→ **Your task**
Only the line with "Some of the words" and the lines after it, to the end of the data, should appear in the answer, each reproduced exactly.

(Stored data)
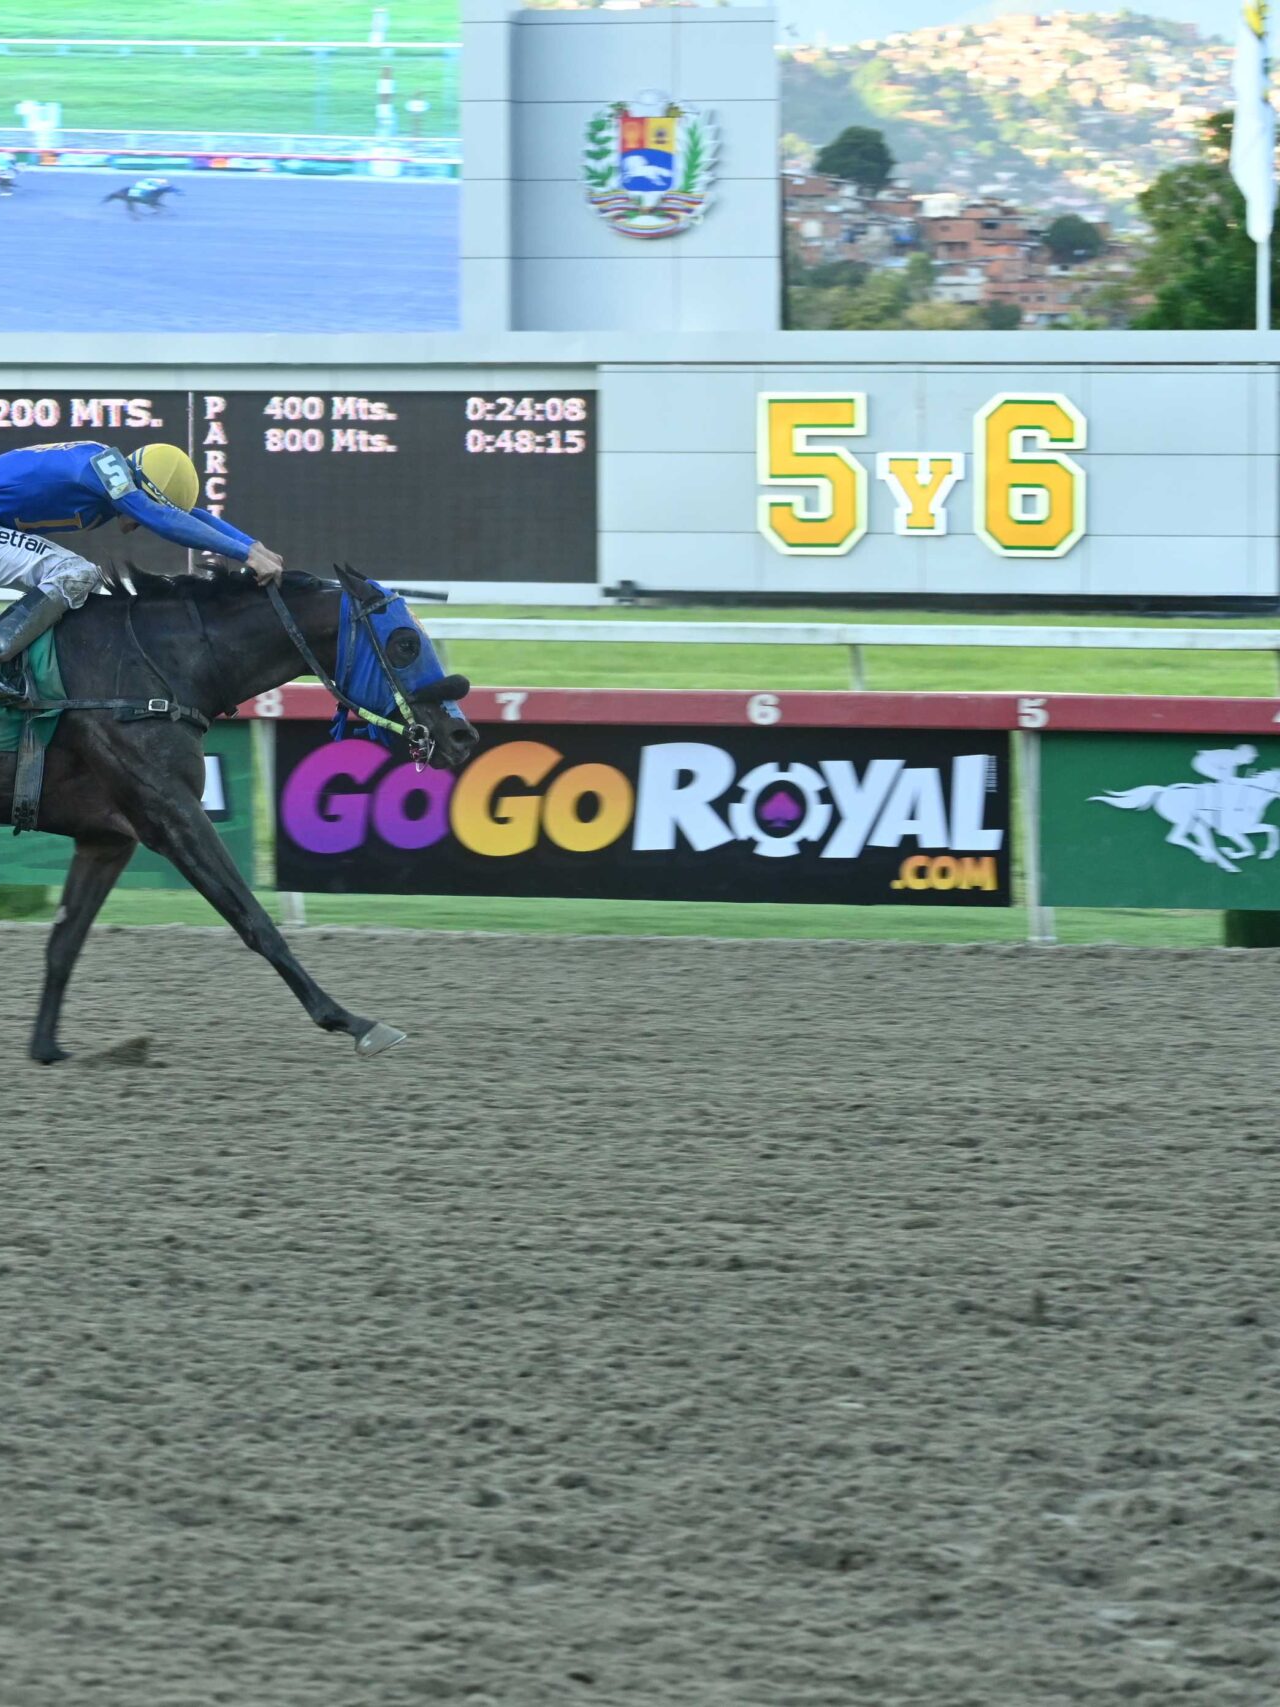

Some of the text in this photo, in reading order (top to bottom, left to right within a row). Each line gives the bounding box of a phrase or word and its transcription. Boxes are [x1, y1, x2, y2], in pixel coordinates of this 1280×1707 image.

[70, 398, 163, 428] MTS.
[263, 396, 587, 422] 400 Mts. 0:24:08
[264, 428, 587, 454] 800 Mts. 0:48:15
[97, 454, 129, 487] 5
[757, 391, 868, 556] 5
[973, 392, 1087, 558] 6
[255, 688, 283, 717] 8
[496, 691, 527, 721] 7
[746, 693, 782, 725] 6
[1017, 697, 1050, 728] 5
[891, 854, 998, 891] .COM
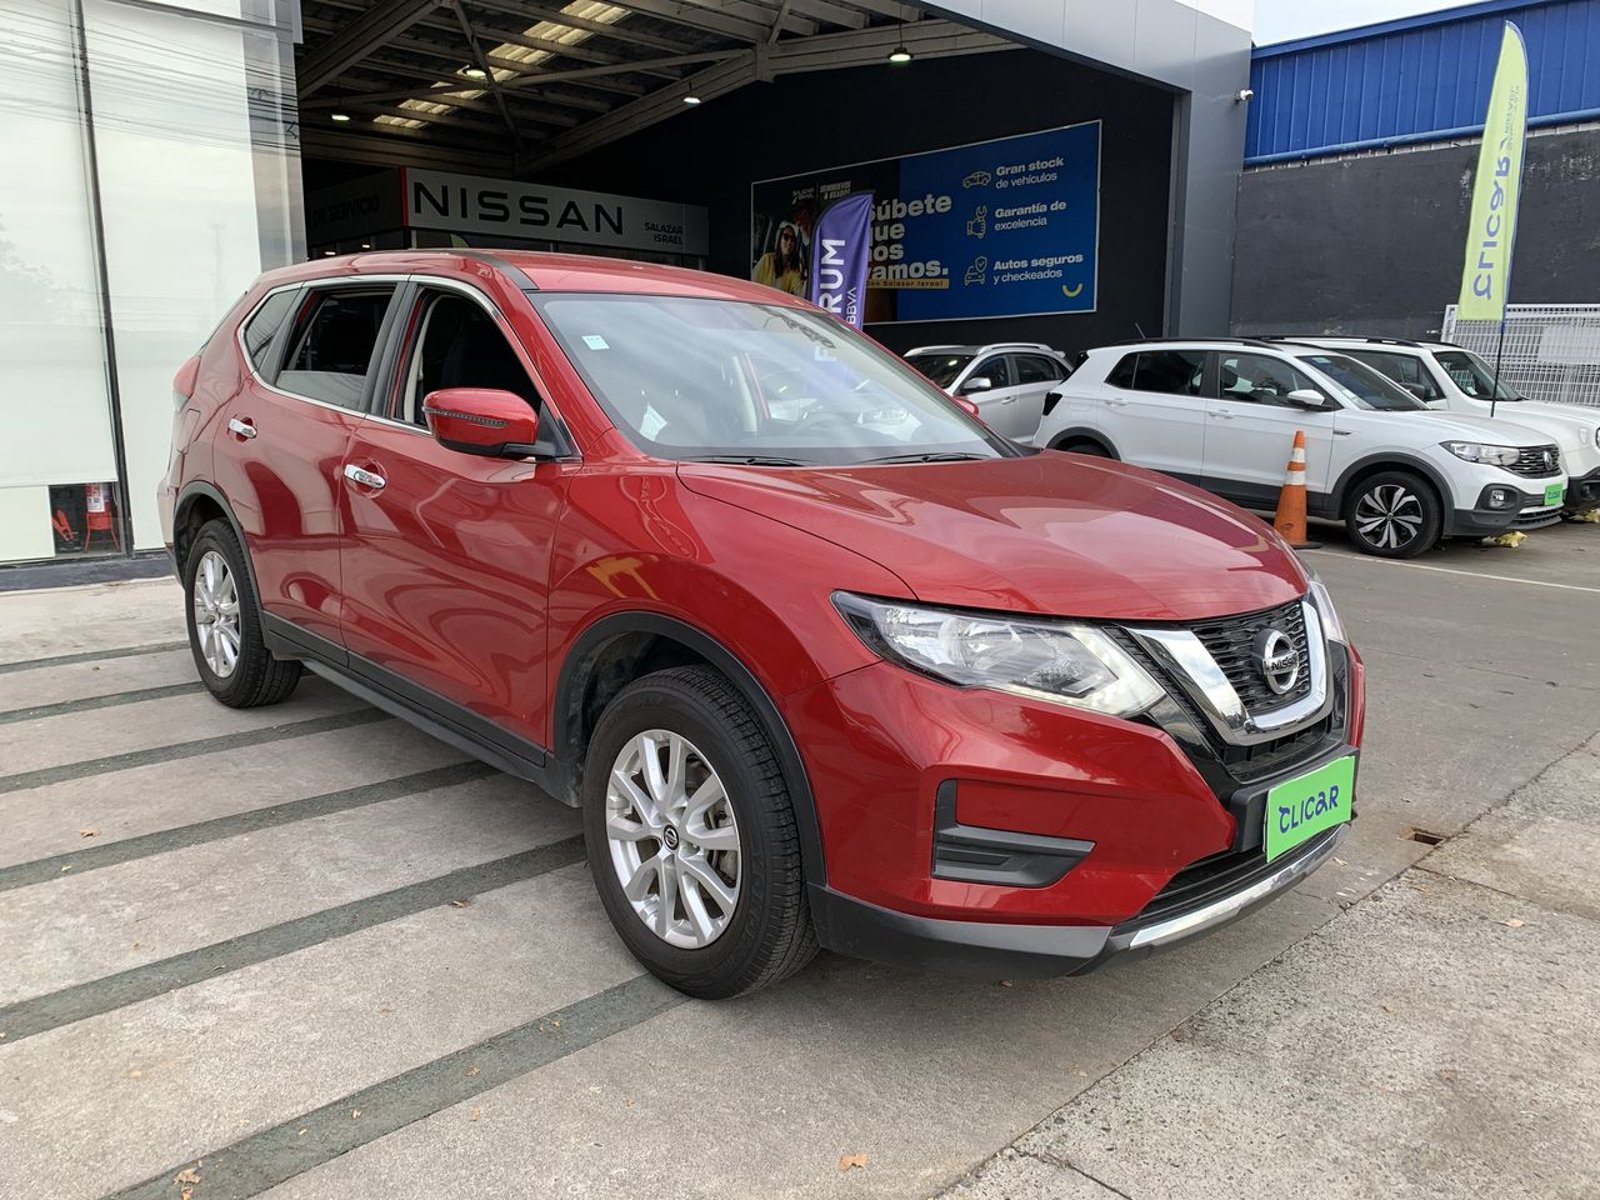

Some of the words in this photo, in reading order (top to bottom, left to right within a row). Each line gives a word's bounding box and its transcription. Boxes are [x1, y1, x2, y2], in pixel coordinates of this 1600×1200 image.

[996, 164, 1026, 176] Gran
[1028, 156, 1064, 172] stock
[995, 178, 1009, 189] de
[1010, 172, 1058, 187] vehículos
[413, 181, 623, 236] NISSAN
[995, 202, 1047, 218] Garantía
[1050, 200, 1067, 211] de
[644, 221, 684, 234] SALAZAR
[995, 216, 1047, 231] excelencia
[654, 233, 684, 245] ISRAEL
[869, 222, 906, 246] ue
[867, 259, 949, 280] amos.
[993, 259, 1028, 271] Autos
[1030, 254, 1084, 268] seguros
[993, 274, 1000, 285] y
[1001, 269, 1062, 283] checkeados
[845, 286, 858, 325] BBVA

→ **Written answer**
Some of the words in this photo, in reading order (top to bottom, left to right within a row). Each line gives a word's bounding box and its transcription. Boxes are [x1, y1, x2, y2], in pixel coordinates of this 1600×1200 image.

[996, 164, 1026, 176] Gran
[1028, 156, 1064, 172] stock
[995, 178, 1009, 189] de
[1010, 172, 1058, 187] vehículos
[413, 181, 623, 236] NISSAN
[995, 202, 1047, 218] Garantía
[1050, 200, 1067, 211] de
[644, 221, 684, 234] SALAZAR
[995, 216, 1047, 231] excelencia
[654, 233, 684, 245] ISRAEL
[869, 222, 906, 246] ue
[867, 259, 949, 280] amos.
[993, 259, 1028, 271] Autos
[1030, 254, 1084, 268] seguros
[993, 274, 1000, 285] y
[1001, 269, 1062, 283] checkeados
[845, 286, 858, 325] BBVA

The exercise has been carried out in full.